Ariel Castro, nascido em Laranjais, Estado do Rio de Janeiro, estudou com os maristas e no Colégio Pedro II. Graduou-se em Letras Anglo-Germânicas na Universidade do Estado do Rio de Janeiro e fez estudos formais completos de pós-graduação, especialização, mestrado e doutorado, na Universidade Federal do Rio de Janeiro. Em Heildelberg, foi pesquisador da Fundação Alexander von Humboldt, a nível de pós-doutorado. De volta ao Brasil, tornou-se Livre-Docente em Filologia Românica da UFRJ e Professor Titular, por concurso, desta mesma Universidade após carreira acadêmica como professor colaborador, auxiliar, assistente e adjunto.

É autor de inúmeros trabalhos científicos em atas, miscelâneas e revistas, nacionais e internacionais. Tem sido conferencista em universidades da Alemanha e da Itália, foi estudante e leitor na Universidade de Heidelberg e Gastprofessor na Universidade de Mainz. Foi, ainda, professor-pesquisador convidado da cidade de Berlin e co-editor da revista Iberoromania.

Defendeu na Escola Superior de Guerra, onde foi estagiário, posição de nacionalismo moderado, com autonomia geopolítica para o Brasil, no hemisfério sul, em direção a uma ativa política de contraponto perante as nações hegemônicas lideradas pelos Estados Unidos.

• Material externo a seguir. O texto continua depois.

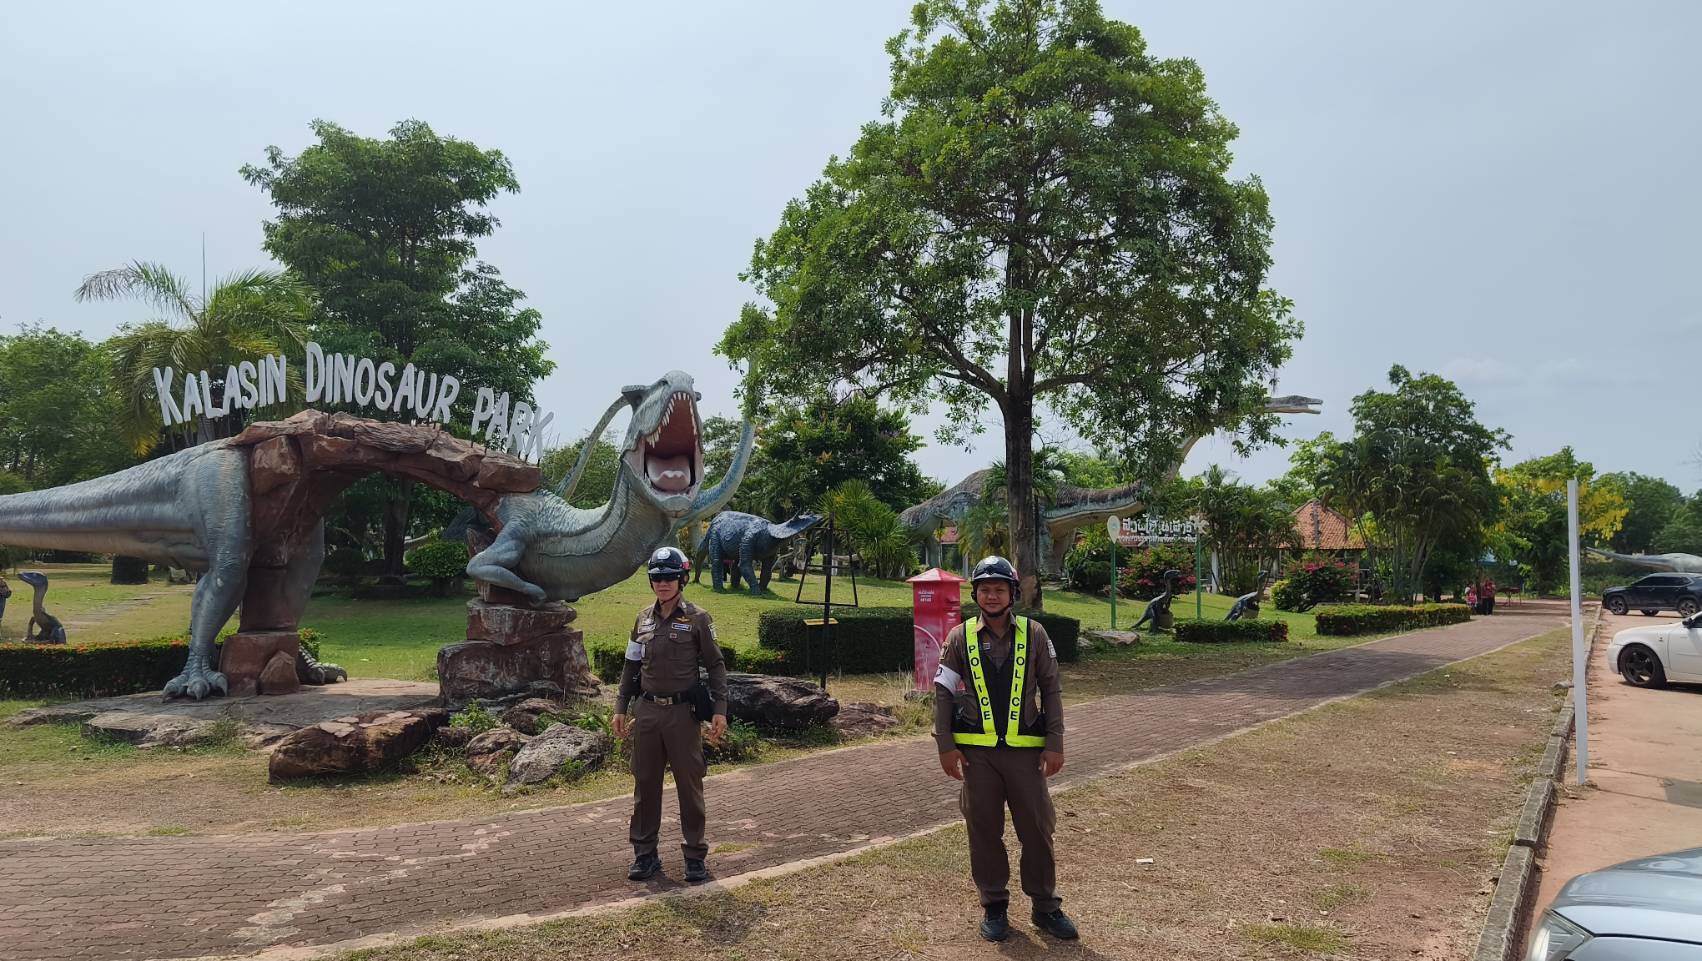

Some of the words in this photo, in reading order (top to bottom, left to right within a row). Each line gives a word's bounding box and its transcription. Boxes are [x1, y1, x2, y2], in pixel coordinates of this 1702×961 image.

[153, 354, 286, 426] KALASIN
[306, 342, 460, 424] DINOSAUR
[471, 387, 555, 460] PARK
[968, 645, 992, 721] POLICE
[1010, 643, 1026, 721] POLICE

Foi assessor-chefe, na Assembléia Nacional Constituinte, da Sub-comissão de Defesa do Estado e de Organização Eleitoral e Partidária. Por sugestão sua ao Relator, foi acolhida norma, que redigiu, de prevenção de tortura de presos políticos. Colaborou na criação e redação de outras normas. No Executivo, entre outras funções, foi secretário-executivo do Conselho Curador do FGTS, iniciando uma política de transparência na administração do Fundo, até então desconhecida da opinião pública.

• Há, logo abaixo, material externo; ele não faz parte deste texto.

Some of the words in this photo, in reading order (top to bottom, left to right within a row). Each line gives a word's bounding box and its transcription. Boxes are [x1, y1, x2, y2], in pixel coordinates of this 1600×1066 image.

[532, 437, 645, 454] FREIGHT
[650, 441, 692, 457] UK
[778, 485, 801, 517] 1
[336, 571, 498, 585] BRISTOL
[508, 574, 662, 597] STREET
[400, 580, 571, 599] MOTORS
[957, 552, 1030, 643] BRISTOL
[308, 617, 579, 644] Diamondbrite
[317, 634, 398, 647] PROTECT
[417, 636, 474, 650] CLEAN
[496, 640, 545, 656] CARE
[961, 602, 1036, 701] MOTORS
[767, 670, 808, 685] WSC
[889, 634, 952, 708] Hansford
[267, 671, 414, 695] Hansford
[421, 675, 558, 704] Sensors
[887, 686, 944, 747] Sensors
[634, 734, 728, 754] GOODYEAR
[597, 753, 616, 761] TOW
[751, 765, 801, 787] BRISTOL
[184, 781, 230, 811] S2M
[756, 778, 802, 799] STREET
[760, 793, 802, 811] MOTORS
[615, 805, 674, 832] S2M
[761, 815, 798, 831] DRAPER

Por requisição do Presidente da Câmara ao Ministro da Educação, está em exercício na Câmara dos Deputados, onde redige discursos, pareceres e projetos de lei, todos na linha da preservação do Estado e de seu patrimônio de significado histórico-político. Tabalhou em favor do sistema de governo presidencialista e tem adotado posição contra as reformas constitucionais que ferem direitos adquiridos pelo trabalhador e pelo funcionalismo. bem como contra as que buscam abrir indiscriminadamente as riquezas nacionais ao capital especulador, nacional ou estrangeiro.

Na Filologia, ocupa-se principalmente da Idade Média e do Brasil Colonial, sendo citado por diversos autores de renome.









Esta obra acabou de se imprimir em setembro de 1995 na residência do Autor, no Rio de Janeiro, por meio de impressora Hewlet Packard, modelo LaserJet IIP Plus. Foi encadernada na Gráfica Editora Nórdica, na mesma cidade, em outubro seguinte.